A cut above
Sally Nex shares some top tips for creating a successful cutting garden.
When your garden is full to bursting with colour and scent, it's not surprising you want to bring it indoors. Filling every room in the house with fresh, sweetly-scented flowers is one of the great luxuries of gardening, but it does create a dilemma: you don't want to raid your flower borders, after all, or you'll have nothing to look at from the kitchen window.
The answer is a cutting garden: a space you've set aside, however small, where all the flowers are meant to be picked.

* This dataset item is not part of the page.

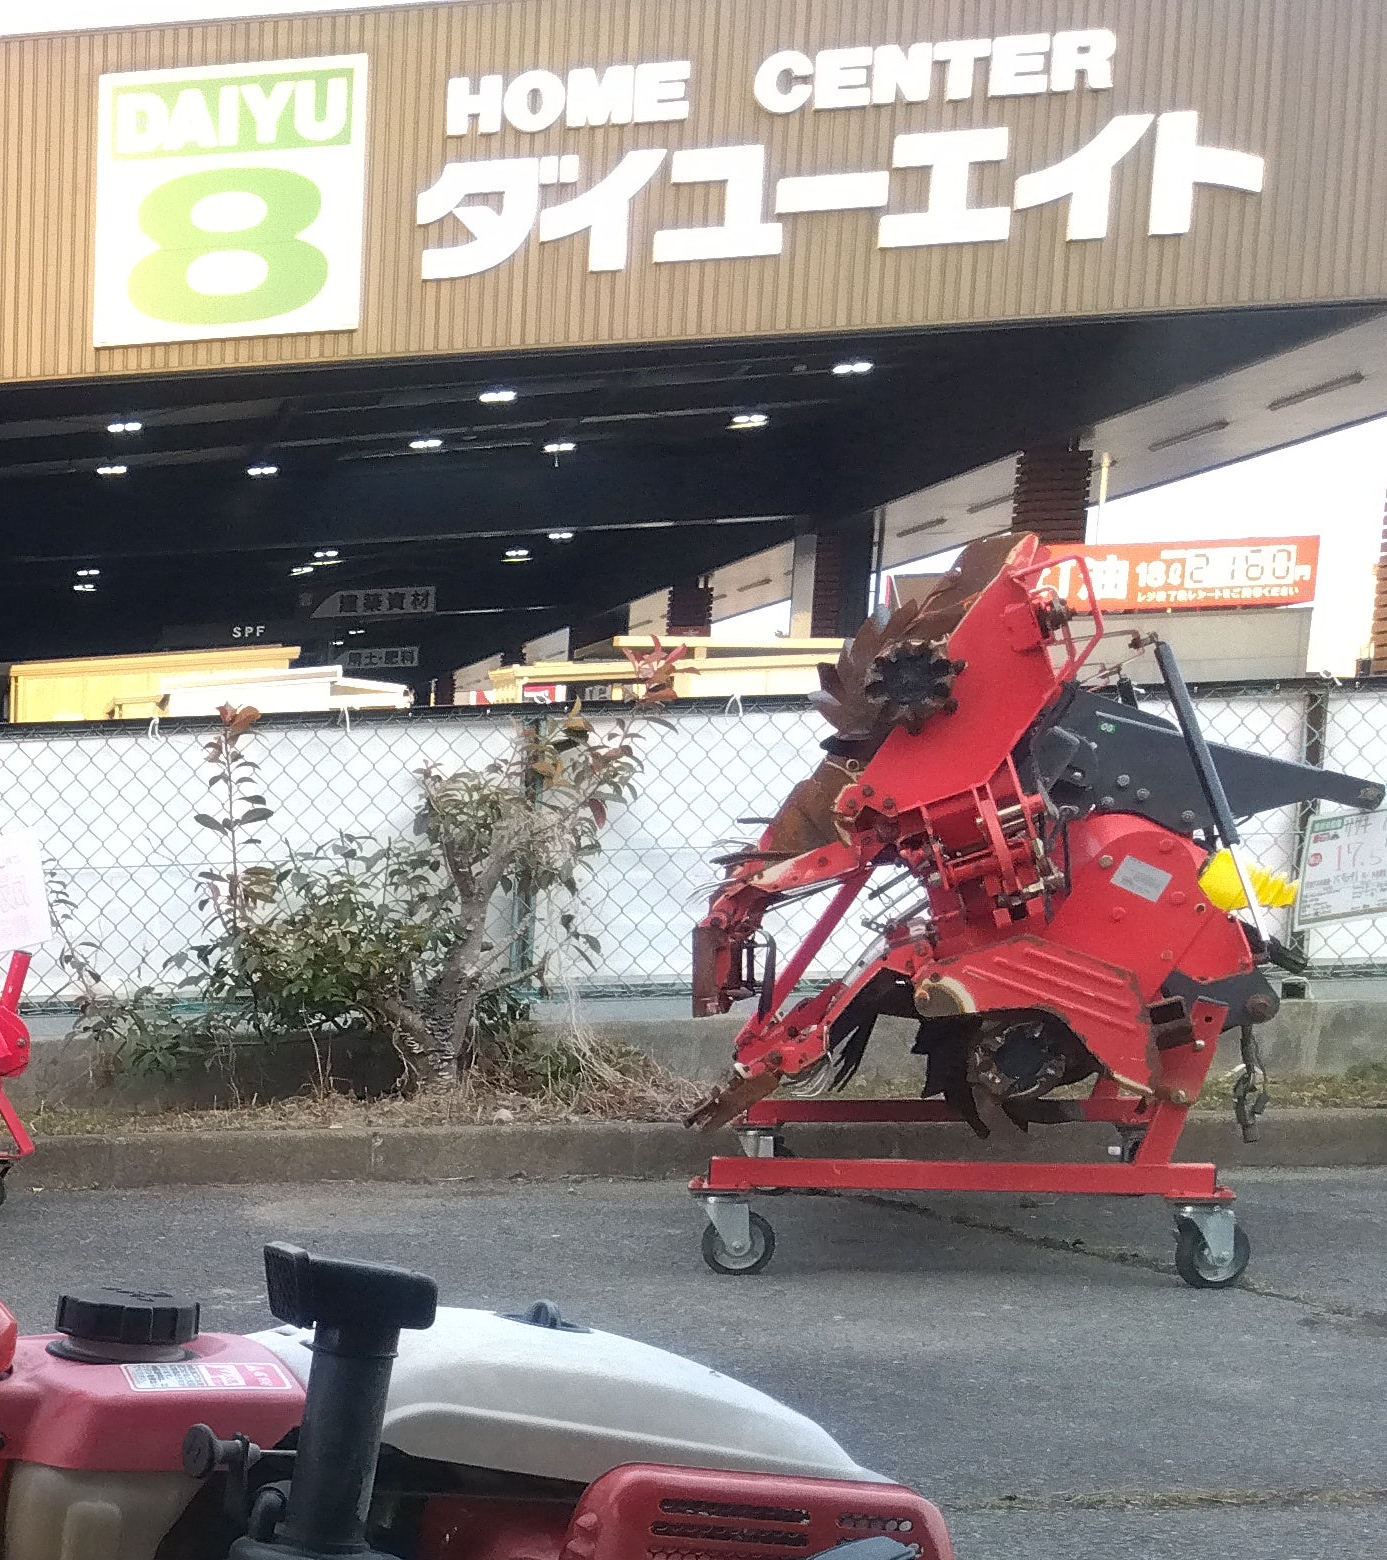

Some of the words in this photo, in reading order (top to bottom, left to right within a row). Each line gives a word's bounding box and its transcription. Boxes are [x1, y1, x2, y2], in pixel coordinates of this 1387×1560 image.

Cutting gardens were invented by the Victorians: 19th-century head gardeners grew cut flowers for the big house with the same industriousness they applied to veg-growing. That approach still holds true today. Forget you're growing flowers and treat your cutting garden like a veg patch: prepare the ground as well as possible, plan your harvest for each season and grow large enough quantities for a good crop.
It might sound unromantic – but the romance comes later, when you open your front door to be welcomed home by the scent of sweetpeas and roses drifting on the air.
Early spring bulbs such as daffodils and richly-scented hyacinths are followed with summer hardy annuals sown in spring, such as the lovely Cosmos bipinnatus 'Purity'.
Then you can move on to the zingy colours of autumn – dahlias are perfect, or you could try the new wave of chrysanthemums such as lime-green C. 'Froggy'.
There's no need to do without home-grown cut flowers in winter, either: some of the most sweetly-perfumed shrubs flower in December and January, and a single sprig brought in from the cold will open its flowers to scent the whole house. Try wintersweet (Chimonanthus praecox) and witch hazel - Hamamelis x intermedia 'Diane' has exquisite flowers the colour of burnt copper.
Lilacs and the delicate clouds of lime-green flowers on Alchemilla mollis
Electric blue sea hollies such as Eryngium alpinum
Fabulously glamorous delphiniums and of course richly-scented roses will give you flowers to pick year after year.
White and blue combinations are perfected by well-placed sprigs of silvery Artemisia 'Powis Castle'
Deep purple leaves of Cotinus coggygria 'Royal Purple' look fabulous with vibrant orange or red dahlias.